Main Street. In the short two- to three-year period since the term has become the buzzword in the retail industry, it is already overused and yet under-defined. With several projects now complete that tout a Main Street emphasis, the time has come to assess what Main Street means… really. And as is the case with every street, there are two sides.

What makes a place Main Street?

A real Main Street doesn't look like it just appeared overnight. Although influenced by large cities and urban areas, Small Town America is the biggest influence on how we define Main Street scale and character today. Real small-town urban centers, the downtowns of places such as Enid, Okla., Independence, Kan., Crested Butte, Colo., Athens, Ga., Tampa, Fla., and many others, were the archetypal Main Streets.

These authentic downtowns were the stages for human interaction of their communities. They were the settings for annual parades. They were sometimes the seat of local government, with businesses gathered around a courthouse square.

They weren't contrived — they were truly competitive environments established through serendipity, with entrepreneurs and individual business owners striving to gain advantage over their competitors next door and down the street.

They were characterized by a sort of one-upsmanship of businesses trying to outdo each other with the biggest sign, the most welcoming awnings and the best-displayed merchandise. Café's were scattered among streetfront retailers and other businesses — the clothier, the abstracter, the attorney and the real estate agent. Offices existed above the stores. Hotels and residences, too. These small-town downtowns were the original “live-work-play” environments.
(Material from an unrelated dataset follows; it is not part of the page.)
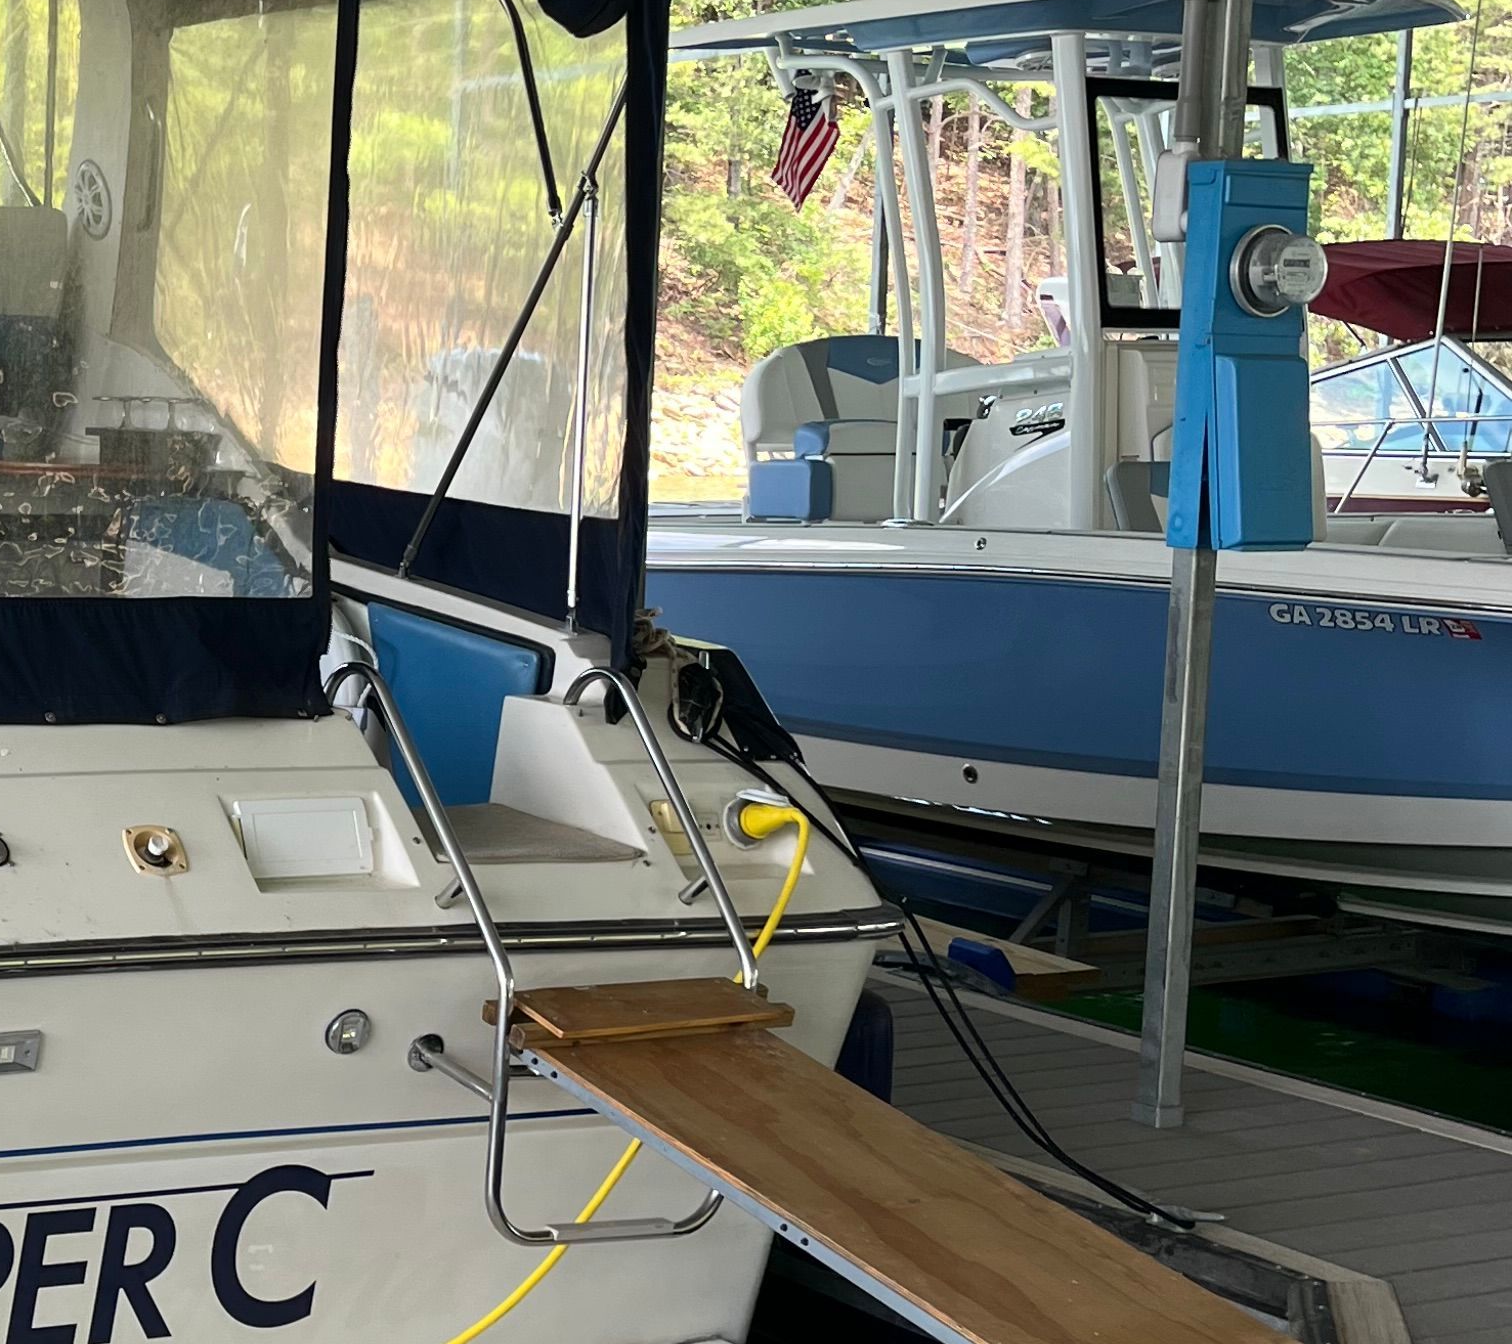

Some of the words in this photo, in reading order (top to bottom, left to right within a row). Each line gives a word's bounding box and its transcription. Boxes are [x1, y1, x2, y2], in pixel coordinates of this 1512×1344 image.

[1268, 603, 1312, 626] GA
[1315, 607, 1395, 632] 2854
[1401, 615, 1441, 635] LR
[211, 1164, 333, 1328] C
So what explains the current interest in Main Street as a design resource, a concept around which an entire retail development might be based? One reason is at the very core of our industry, the proliferation of the regional mall.

Time was when a regional mall simply touted “acres of free parking” and “air-conditioned throughout” to attract shoppers. Today, the homogeneity of regional malls — the sameness, the orderliness, the false elegance of brass and marble — have become so blasé and expected that shoppers are actually turned on by grit…by reality…by quirkiness. Hence the sudden attraction to shopping environments that celebrate an unexpectedness, a sense of reality, a “messy vitality.”

Boomers who grew up in suburbs never experienced a “downtown.” Malls and strip centers were their poor substitution for it. Their parents may have deemed the nearest urban area unsafe because it was in decline, so kids hung out at the mall. Thus the re-emergence of urban street environments as a source of fascination for young Americans. And a return to the roots of American shopping — to retail's first trend.

It's more than just retail. Again.

Real Main Streets were really mixed-use developments. Offices above stores. Living above the shop. The interest and attraction of live-work-play environments today results from the novelty of these places when compared to sterile mall environments. There is also an added security perception.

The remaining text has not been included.